What you have to do: Write out the entries below exactly, but only from the line containing "this 1201×1600 image." through the line containing "Some of the text", and without the pictures.

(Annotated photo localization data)
------------------------

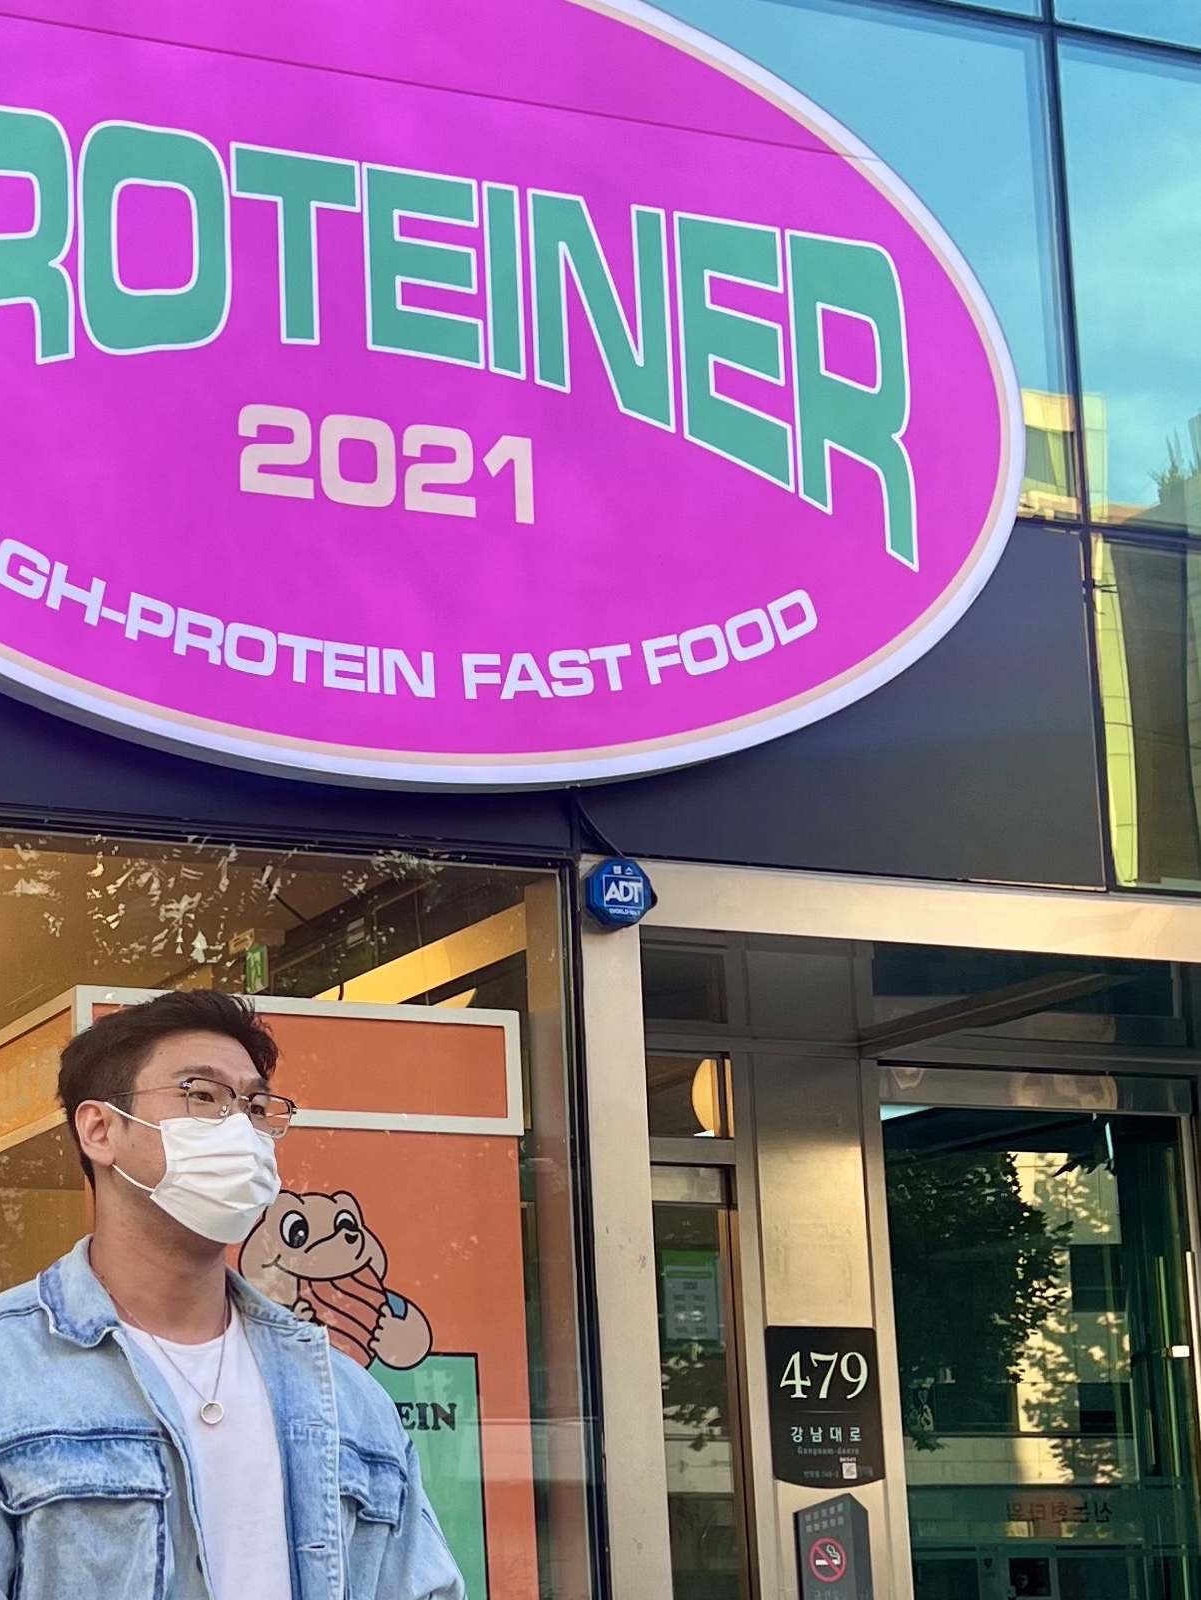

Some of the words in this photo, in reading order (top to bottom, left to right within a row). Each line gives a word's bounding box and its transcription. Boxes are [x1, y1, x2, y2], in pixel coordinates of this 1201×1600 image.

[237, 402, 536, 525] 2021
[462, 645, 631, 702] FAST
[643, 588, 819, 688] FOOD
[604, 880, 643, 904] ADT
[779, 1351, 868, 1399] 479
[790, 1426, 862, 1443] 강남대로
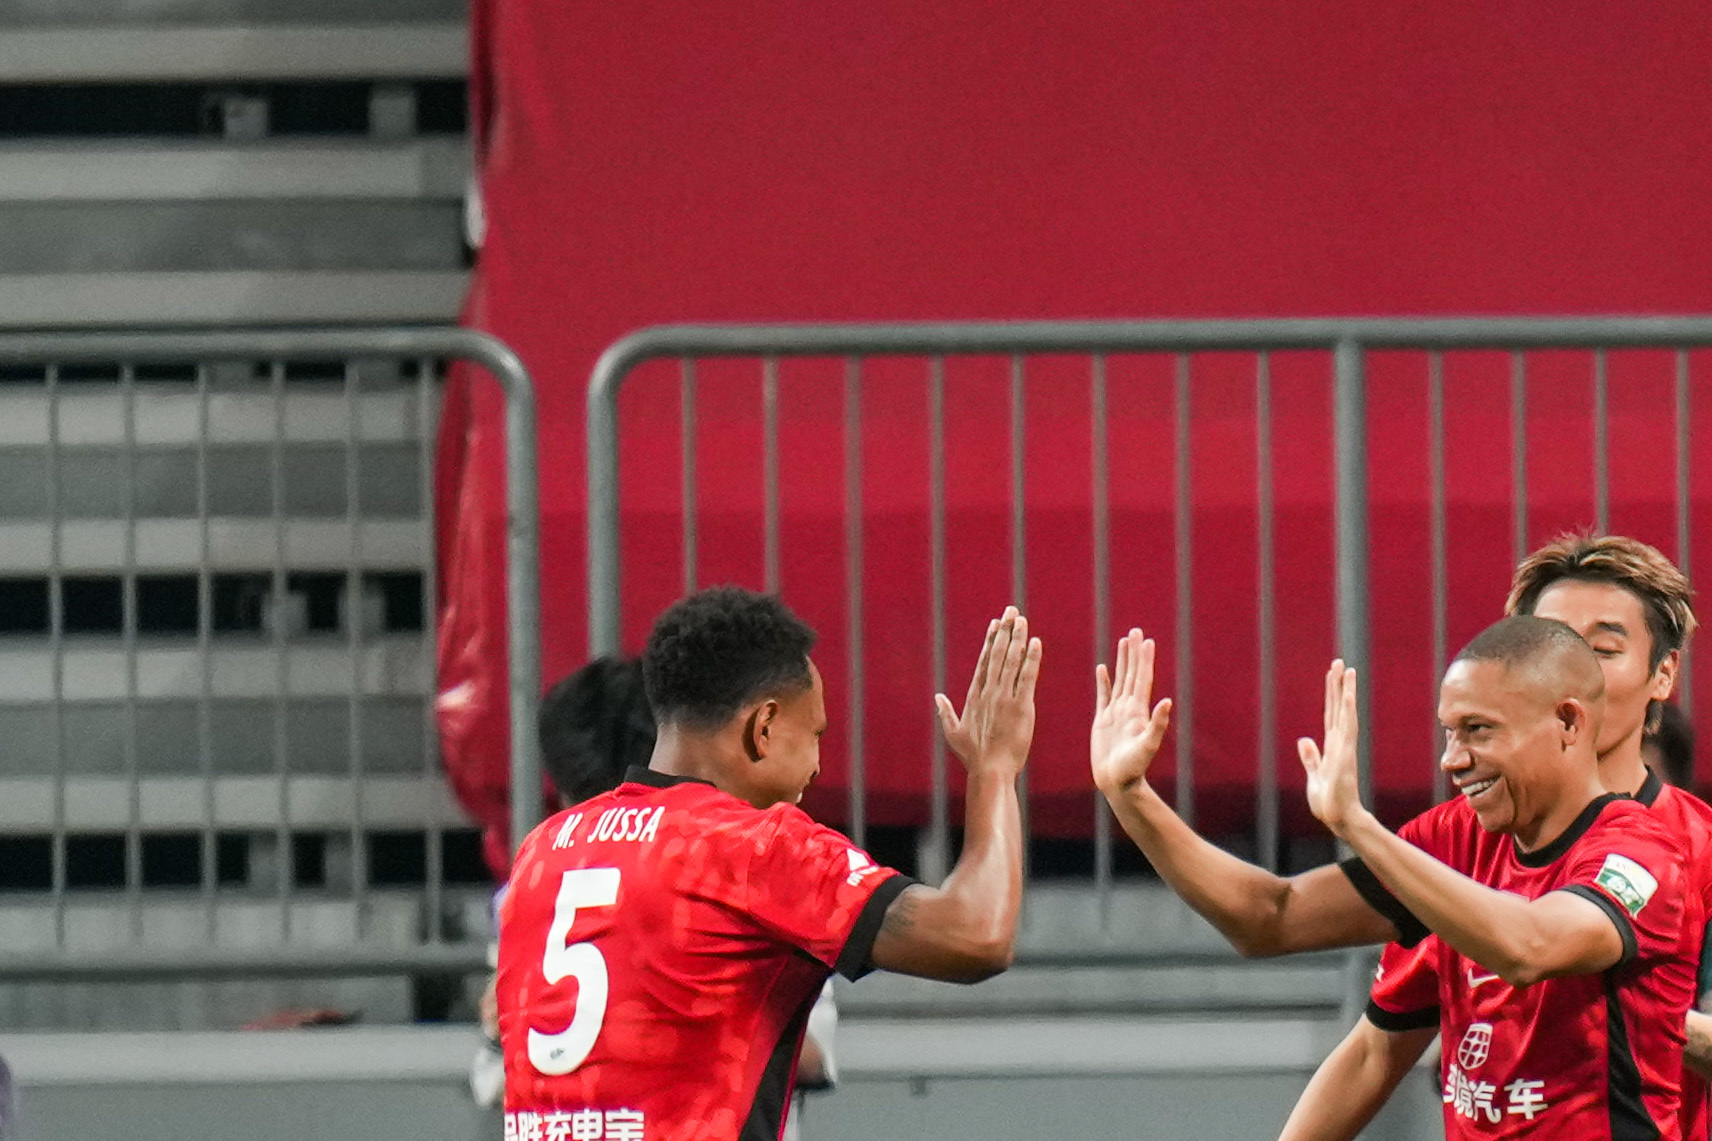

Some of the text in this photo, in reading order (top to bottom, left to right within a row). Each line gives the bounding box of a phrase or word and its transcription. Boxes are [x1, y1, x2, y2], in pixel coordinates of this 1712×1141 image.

------------------------

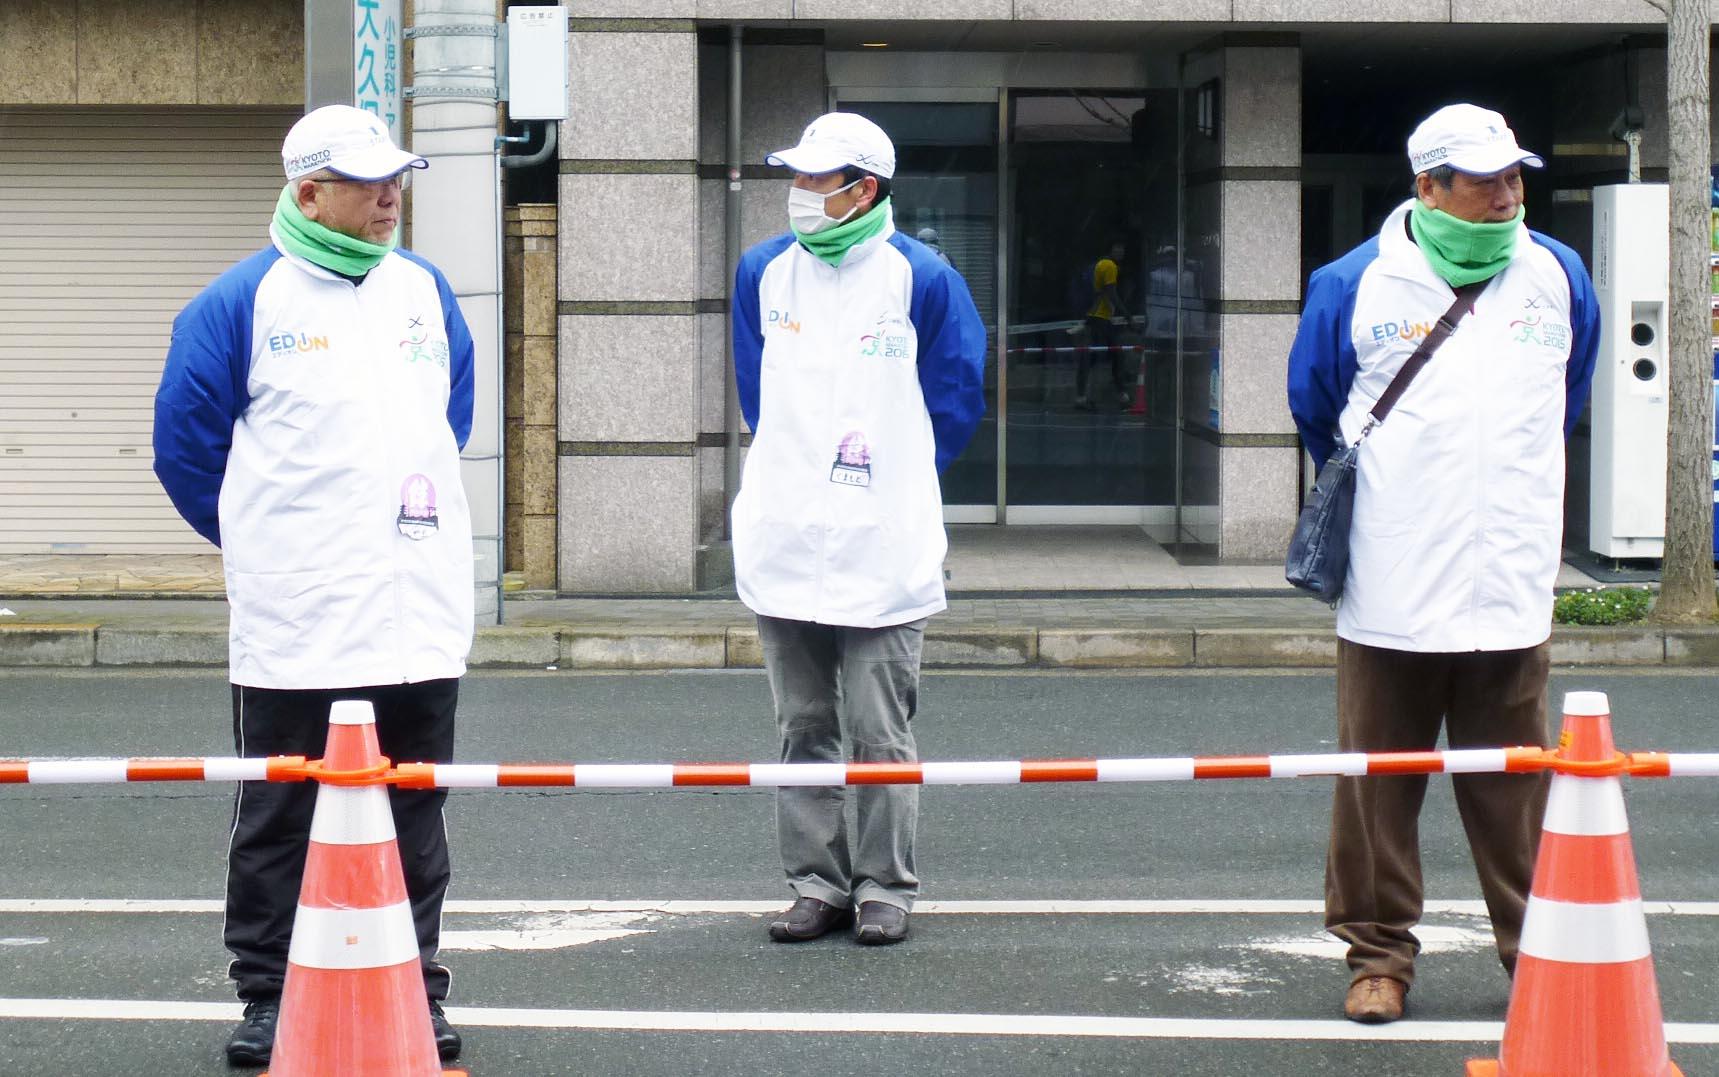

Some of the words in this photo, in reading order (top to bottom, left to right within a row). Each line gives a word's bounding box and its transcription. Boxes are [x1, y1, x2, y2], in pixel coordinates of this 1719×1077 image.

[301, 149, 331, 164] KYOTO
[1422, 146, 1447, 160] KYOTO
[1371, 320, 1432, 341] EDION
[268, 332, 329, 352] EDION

------------------------

Output of the exercise:
Some of the words in this photo, in reading order (top to bottom, left to right within a row). Each line gives a word's bounding box and its transcription. Boxes are [x1, y1, x2, y2], in pixel coordinates of this 1201×1600 image.

[237, 402, 536, 525] 2021
[462, 645, 631, 702] FAST
[643, 588, 819, 688] FOOD
[604, 880, 643, 904] ADT
[779, 1351, 868, 1399] 479
[790, 1426, 862, 1443] 강남대로

Some of the text in this photo, in reading order (top to bottom, left to right within a row). Each line gives the bounding box of a phrase or word and its transcription. Boxes are [x1, y1, x2, y2], in pixel coordinates of this 1712×1141 image.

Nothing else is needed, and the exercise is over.